Pictures stay out. All the rest of the records must be repeated exactly.

DATA TO PROCESS:
====
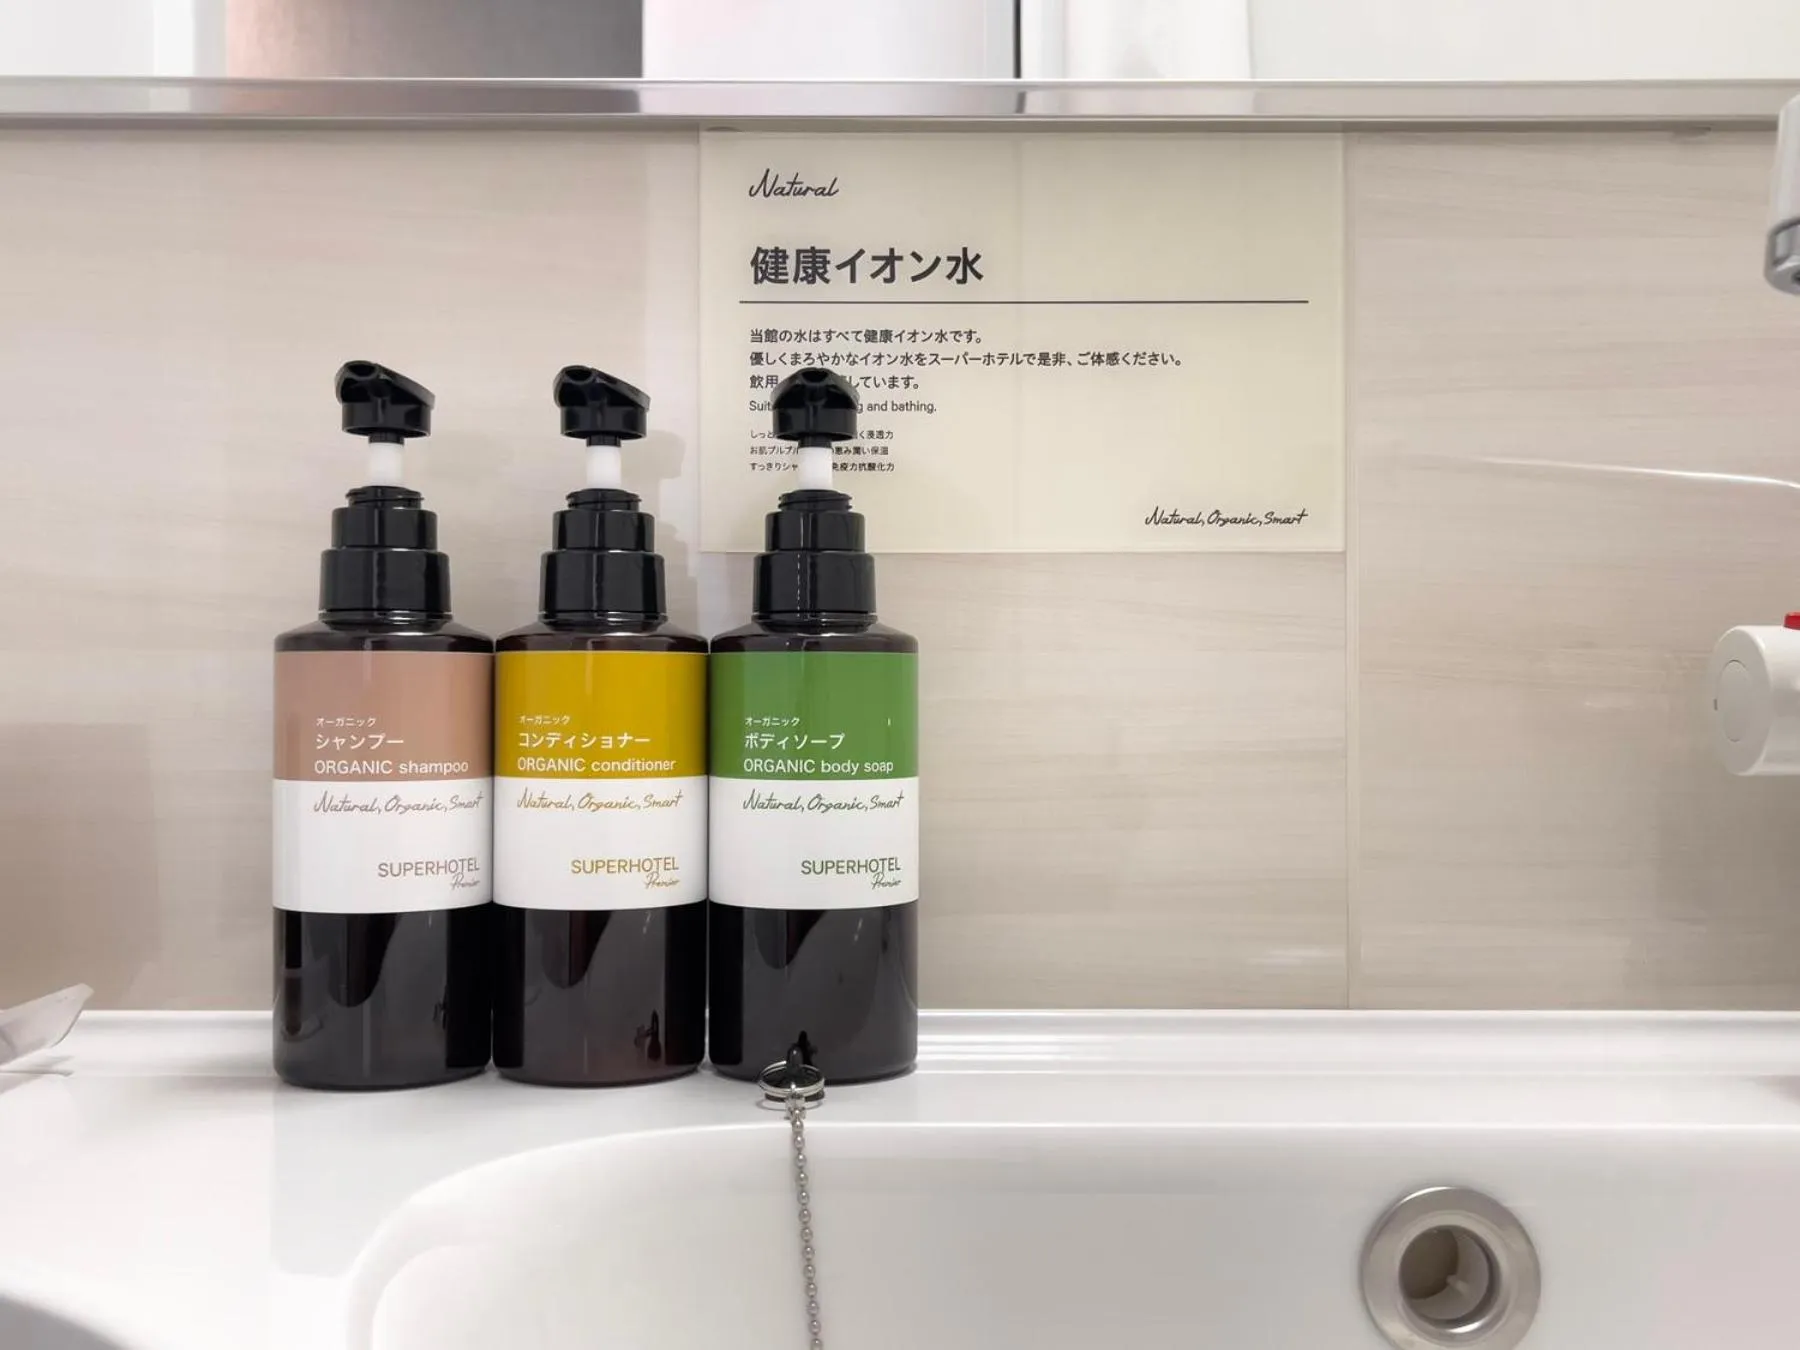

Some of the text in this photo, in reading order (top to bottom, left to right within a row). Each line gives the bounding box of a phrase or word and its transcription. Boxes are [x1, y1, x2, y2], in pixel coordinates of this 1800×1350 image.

[749, 168, 839, 198] Natural
[750, 246, 984, 285] 健康イオン水
[750, 329, 982, 344] 当館の水はすべて健康イオン水です。
[750, 352, 1182, 367] 優しくまろやかなイオン水をスーパーホテルで是非、ご体感ください。
[867, 401, 888, 412] and
[891, 401, 937, 415] bathing.
[1264, 507, 1309, 525] Smart
[316, 717, 377, 728] オーガニック
[520, 715, 571, 726] オーガニック
[745, 717, 800, 727] オーガニック
[316, 733, 404, 751] シャンプー
[519, 732, 651, 749] コンディショナー
[745, 732, 845, 750] ボディソープ
[314, 759, 469, 776] ORGANIC shampoo
[517, 756, 677, 773] ORGANIC conditioner
[743, 758, 894, 776] ORGANIC body soap
[449, 791, 485, 810] Smart
[643, 788, 684, 809] Smart
[869, 789, 905, 810] Smart
[377, 857, 480, 878] SUPERHOTEL
[570, 856, 679, 875] SUPERHOTEL
[800, 857, 901, 875] SUPERHOTEL
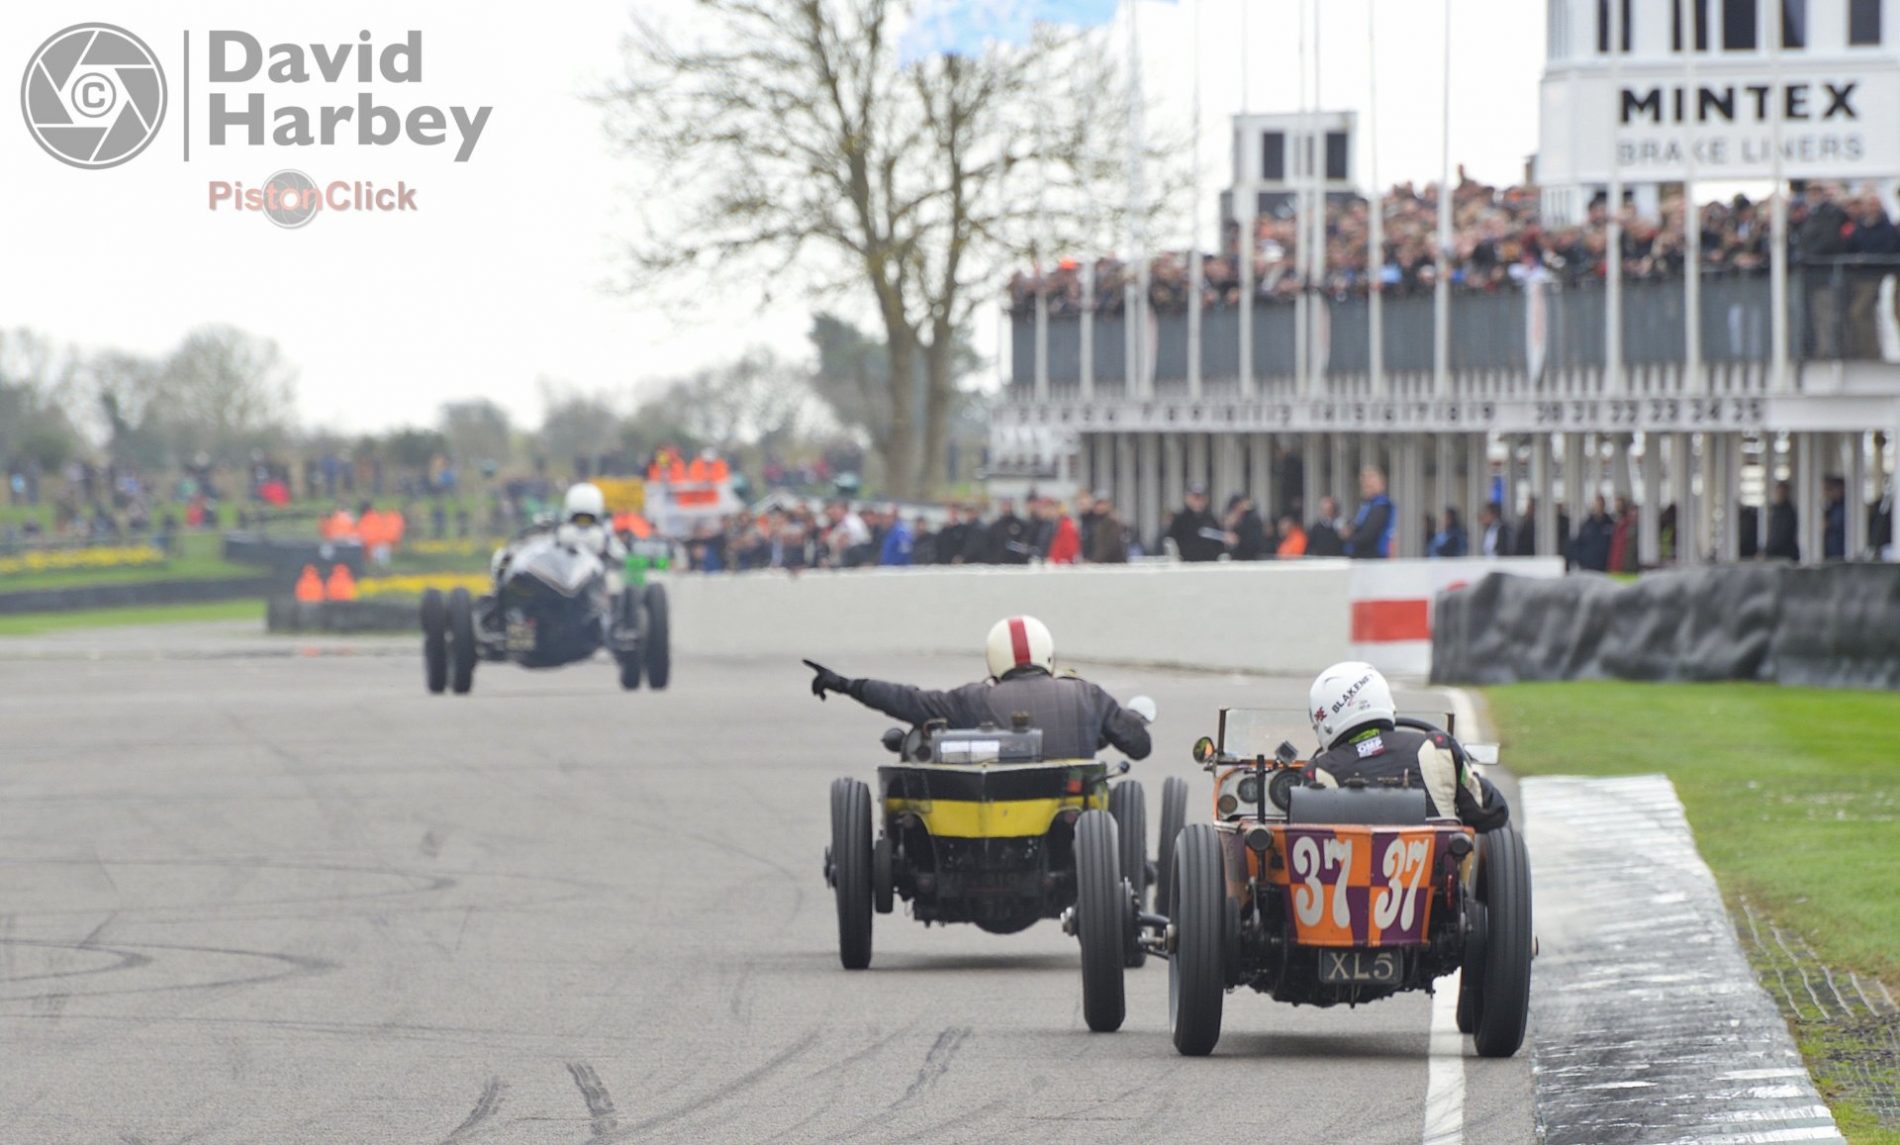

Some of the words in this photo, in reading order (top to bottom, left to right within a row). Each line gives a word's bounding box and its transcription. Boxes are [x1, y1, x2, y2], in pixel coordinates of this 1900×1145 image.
====
OUTPUT FOR THIS TASK:
Some of the text in this photo, in reading order (top to bottom, left to right within a row). Each line gives the bounding box of a phrase or word and its transcription. Boxes are [x1, y1, x2, y2], in pixel coordinates of this 1800×1350 image.

[749, 168, 839, 198] Natural
[750, 246, 984, 285] 健康イオン水
[750, 329, 982, 344] 当館の水はすべて健康イオン水です。
[750, 352, 1182, 367] 優しくまろやかなイオン水をスーパーホテルで是非、ご体感ください。
[867, 401, 888, 412] and
[891, 401, 937, 415] bathing.
[1264, 507, 1309, 525] Smart
[316, 717, 377, 728] オーガニック
[520, 715, 571, 726] オーガニック
[745, 717, 800, 727] オーガニック
[316, 733, 404, 751] シャンプー
[519, 732, 651, 749] コンディショナー
[745, 732, 845, 750] ボディソープ
[314, 759, 469, 776] ORGANIC shampoo
[517, 756, 677, 773] ORGANIC conditioner
[743, 758, 894, 776] ORGANIC body soap
[449, 791, 485, 810] Smart
[643, 788, 684, 809] Smart
[869, 789, 905, 810] Smart
[377, 857, 480, 878] SUPERHOTEL
[570, 856, 679, 875] SUPERHOTEL
[800, 857, 901, 875] SUPERHOTEL

Some of the words in this photo, in reading order (top to bottom, left to right within a row). Each line gives a word's bounding box and its transcription. Boxes are [x1, y1, x2, y2], in pixel coordinates of this 1900×1145 image.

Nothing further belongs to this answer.